Though I have mentioned I have tried to seize every well moment over the past several years, the truth is that I have always been a little paranoid about good things being suddenly taken away from me or that happy times will end. (Maybe it relates back to my longtime obsession with mortality.) I don’t know much about Buddhism aside from the dharma talks at the beginning of yoga classes, but over the years, something that I’ve heard before yoga is about the belief that suffering is caused by the impermanent nature of things. I know I’m not interpreting this the correct way, but that’s resonated with me since I’m often so focused on the impermanence of things.

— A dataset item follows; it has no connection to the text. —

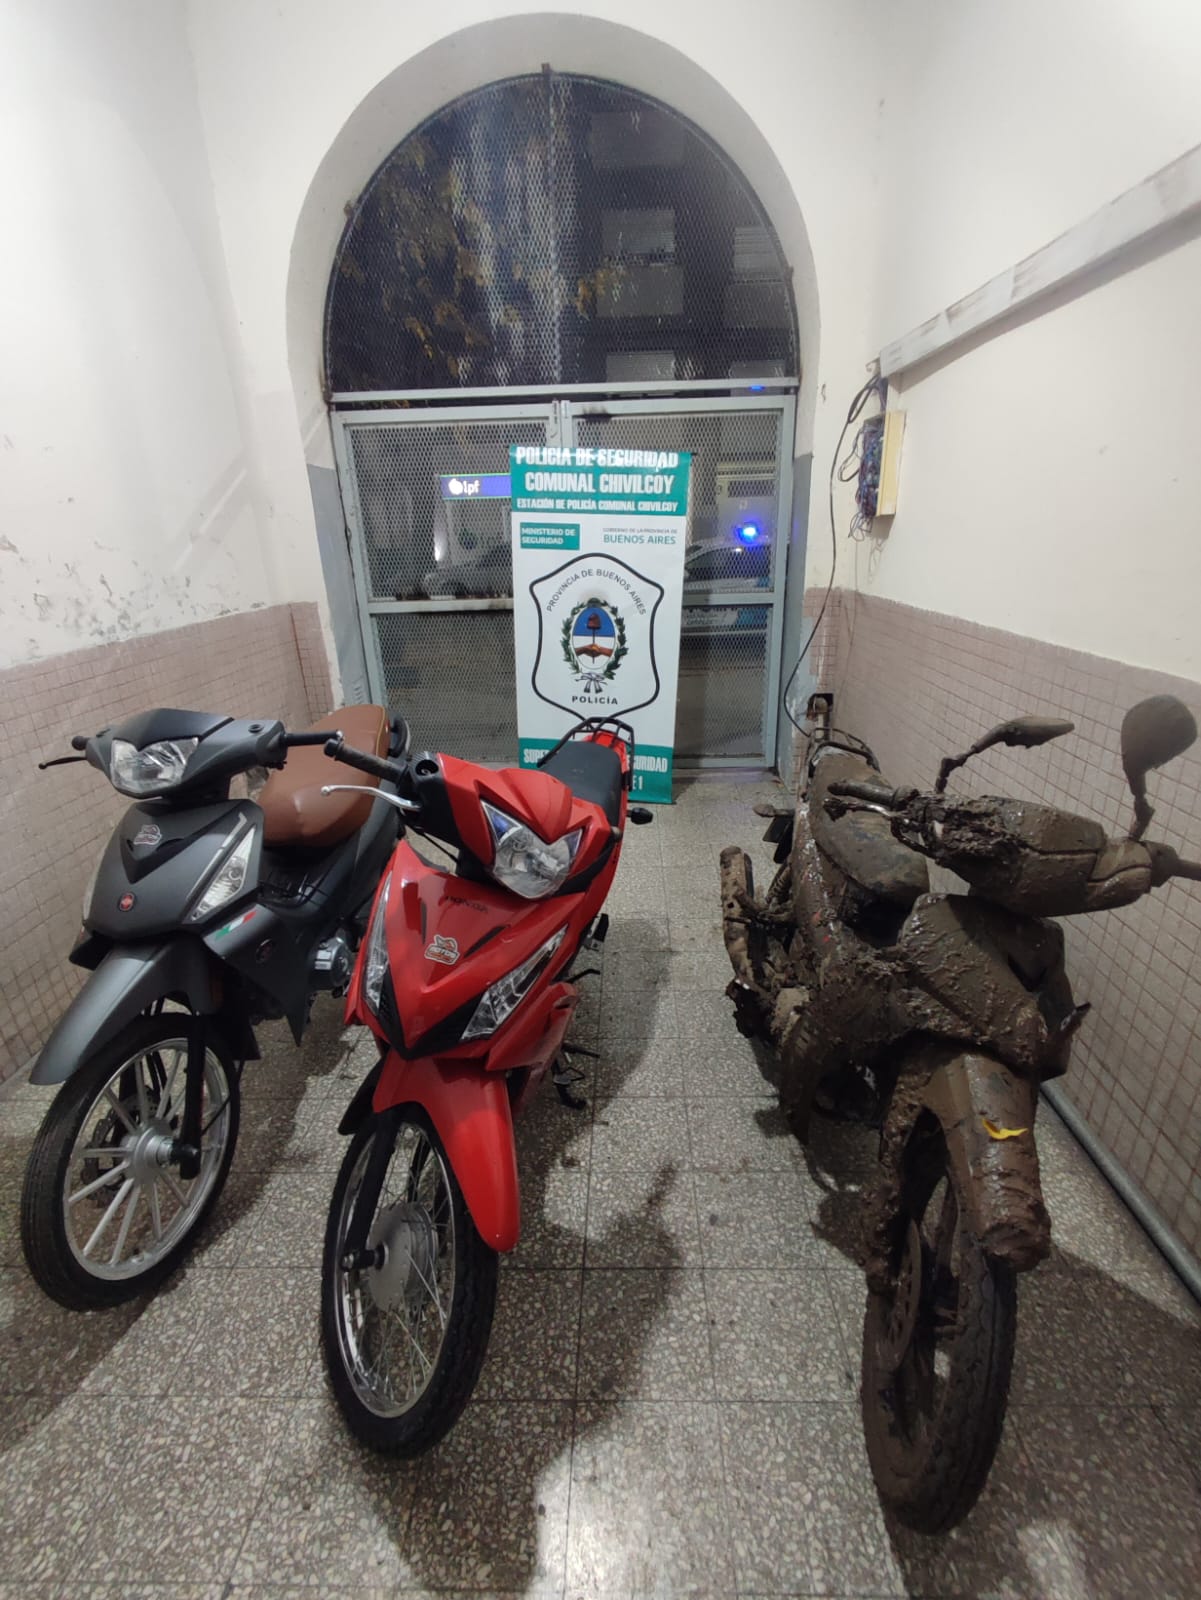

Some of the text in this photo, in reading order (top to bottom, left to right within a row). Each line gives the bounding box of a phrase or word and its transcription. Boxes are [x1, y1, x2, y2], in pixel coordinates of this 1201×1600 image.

When my family would go on vacation when I was a child, for example, during the following weeks I would torment myself about the previous week’s fun. A week ago today, I was at the beach. A week ago today, I was doing this. Etc. You can imagine how I am in breakups or other big life changes, always thinking back to better times. Four years ago on Easter, I was at the hospital for my stem cell transplant, and I was so hopeful cancer would be in the past for me. I’m not as bad as I once was, fortunately.

There’s a lot of talk about living in the moment, but when things are good, I sometimes try to grasp at them desperately as the moment slips away. I know it’s inevitable that the time will pass. There are times when I’m completely happy and content but then prematurely a little sad and depressed knowing that this goodness will come to and end. I used to suffer from terrible Sunday night blahs.

Of course, nothing lasts, not happiness, not sadness in this temporary existence. Things in my life were good again, then bad, just OK, great, fine, meh, really good, etc. Sometimes I worry I’ve run out of goodness and all that’s left is suffering. Yet I know that cannot be true when so many people have made me smile so much over the past few months and over this lifetime.

I’ve been trying (and often failing) to come to grips with a “new normal” as these tumors take over. Sometimes, I pretend as if I was given a choice: I could have 35 good years followed by five good years with illness, instead of a longer life with less joy. I would have chosen this, and it helps.